Bulbi fiori giardino I gladioli non necessitano di particolari attenzioni, ma visto che fioriscono nel mese di luglio, bisogna intervenire con concimazioni idonee ad irrobustire la pianta. Il concime può essere di origine vegetale o animale. Prima che la pianta fiorisca è necessario irrigarla con del fertilizzante liquido per piante bulbose aggiunto all'acqua. L'operazione va eseguita ogni quindici giorni fino a quando i fiori non esplodono in tutta la loro bellezza, dopodiché è sufficiente proseguire con una normale annaffiatura. Se si vogliono lasciare i bulbi nel terreno, occorre acquistare quelli per "naturalizzazione". In autunno devono essere concimati con un fertilizzante a scarso contenuto di azoto, altrimenti in estate i bulbi vanno estratti dal terreno, puliti e conservati fino all'autunno per essere successivamente ripiantati.

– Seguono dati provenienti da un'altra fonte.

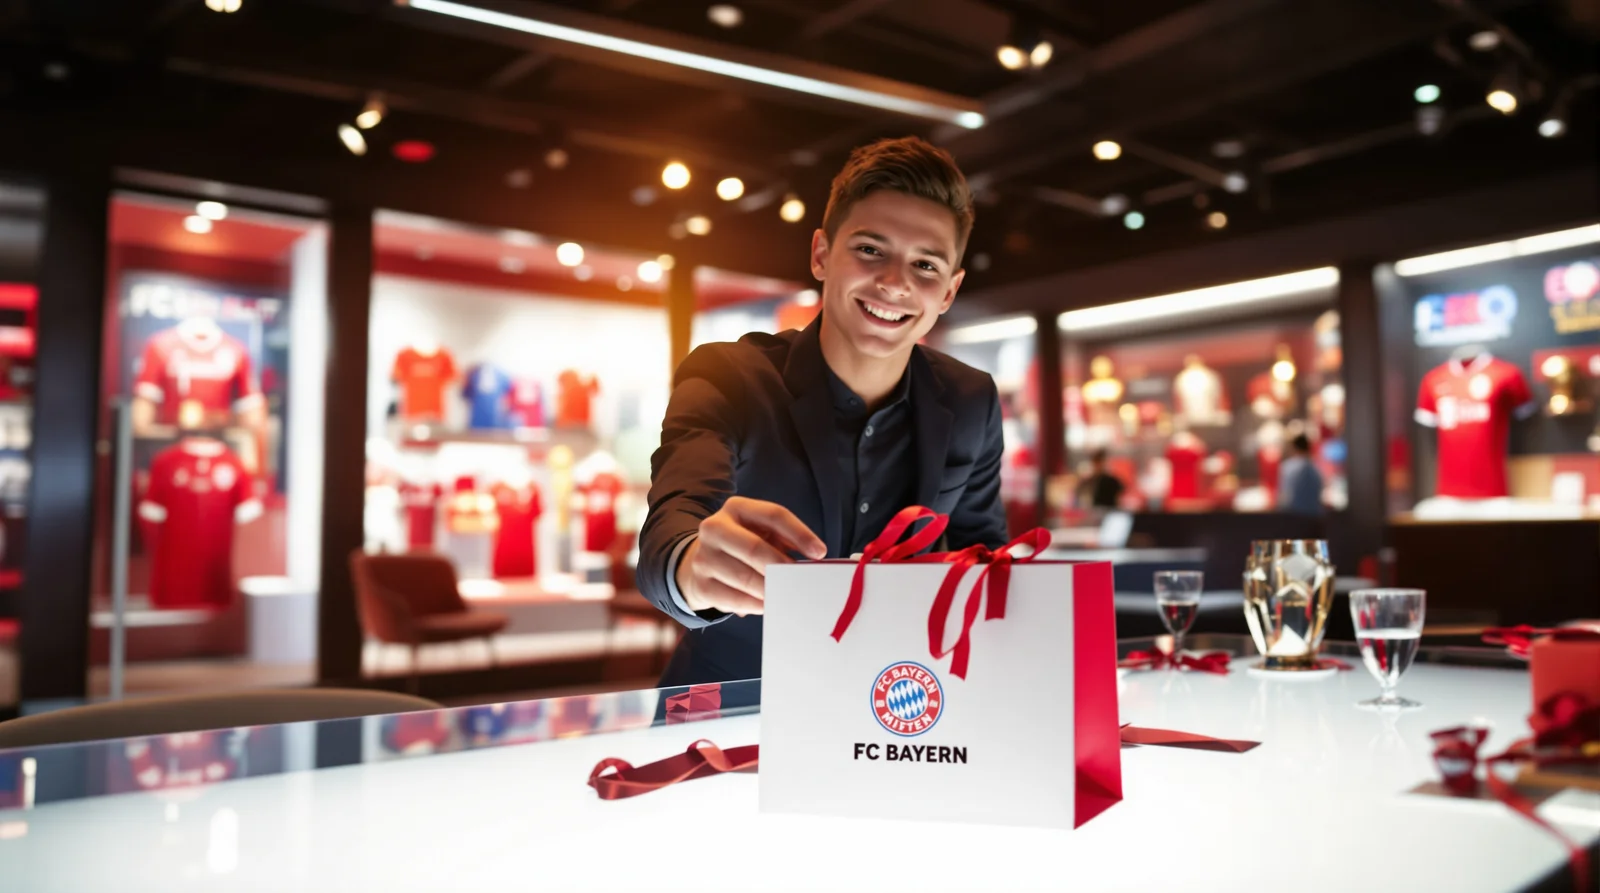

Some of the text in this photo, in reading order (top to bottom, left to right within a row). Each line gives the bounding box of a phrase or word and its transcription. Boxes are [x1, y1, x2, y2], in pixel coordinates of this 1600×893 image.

[877, 667, 937, 694] FC BAYERN
[854, 743, 967, 764] FC BAYERN
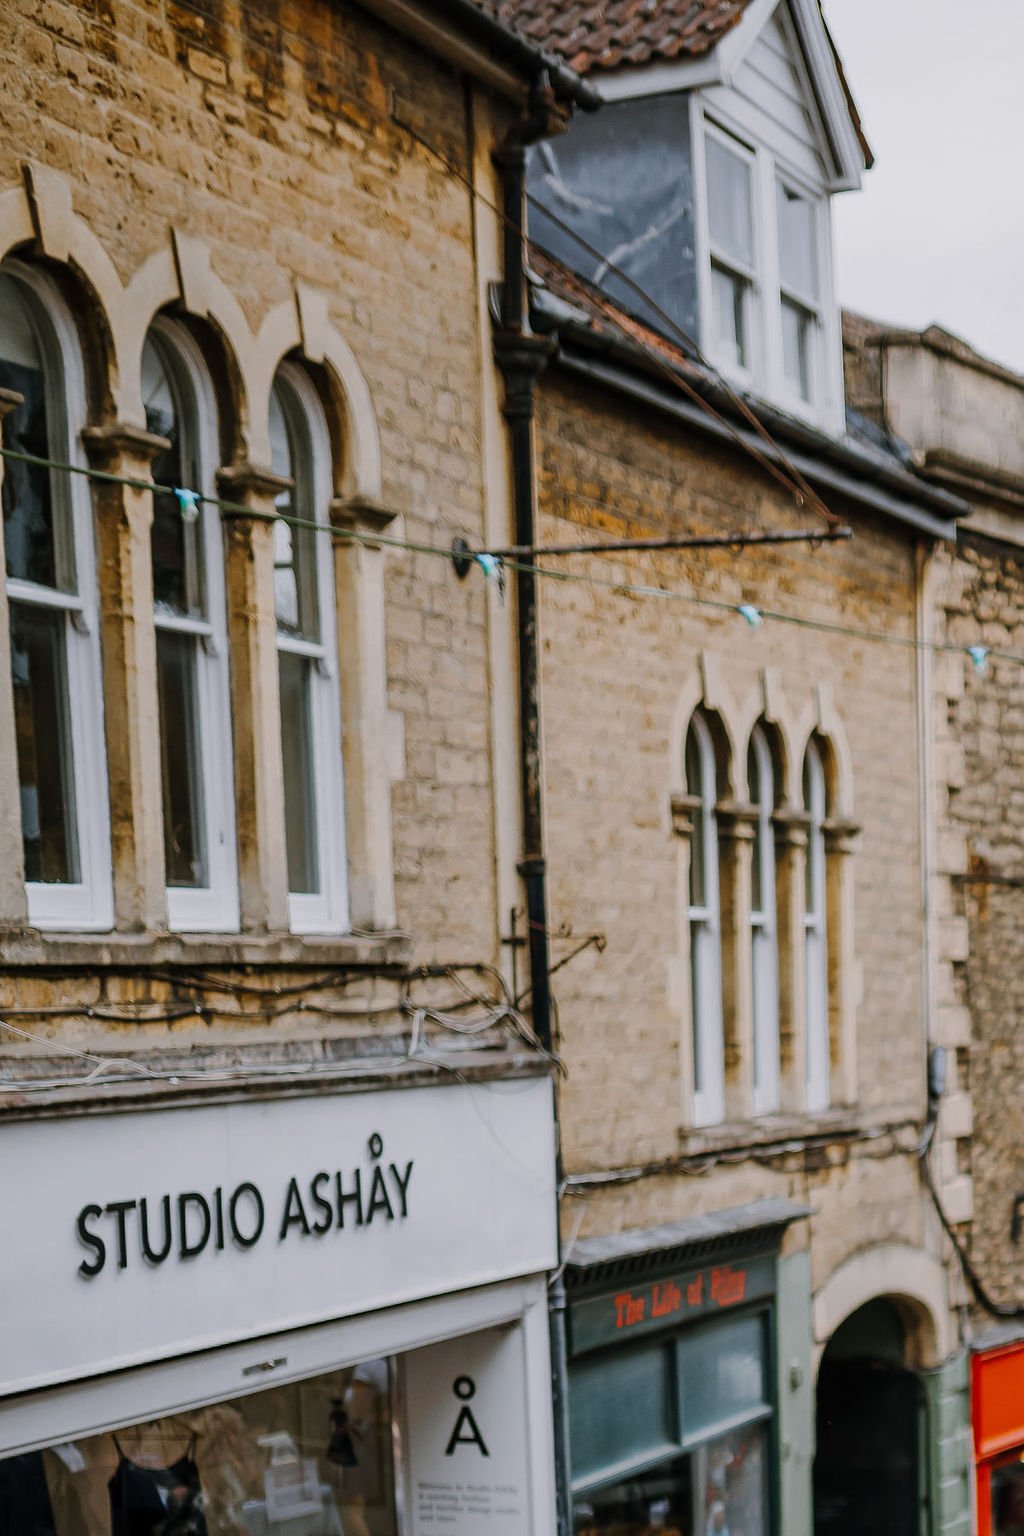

Gladioli: Malattie e rimedi

Campo gladiolo I gladioli vengono colpiti da una moltitudine di malattie, per evitare che la pianta possa morire è necessario osservare ogni suo cambiamento con attenzione. Se sulle foglie si nota una maculatura chiara e scura, bisogna ridurre le annaffiature, eliminare i ristagni d'acqua e se la pianta dimora in casa ventilare l'ambiente. I gladioli vengono colpiti anche dal marciume del colletto, causato da temperature alte, accompagnate da umidità elevate. Le foglie invece sono il bersaglio prediletto della muffa grigia: un fungo che deve essere subito "contrastato" con prodotti esclusivi prima che il danno non sia più curabile. I fiori vengono colpiti da una svariata tipologia di insetti come: ragnetto rosso, afidi, mosche, scabbia batterica, che si contrastano con gli antiparassitari appena si nota la loro presenza.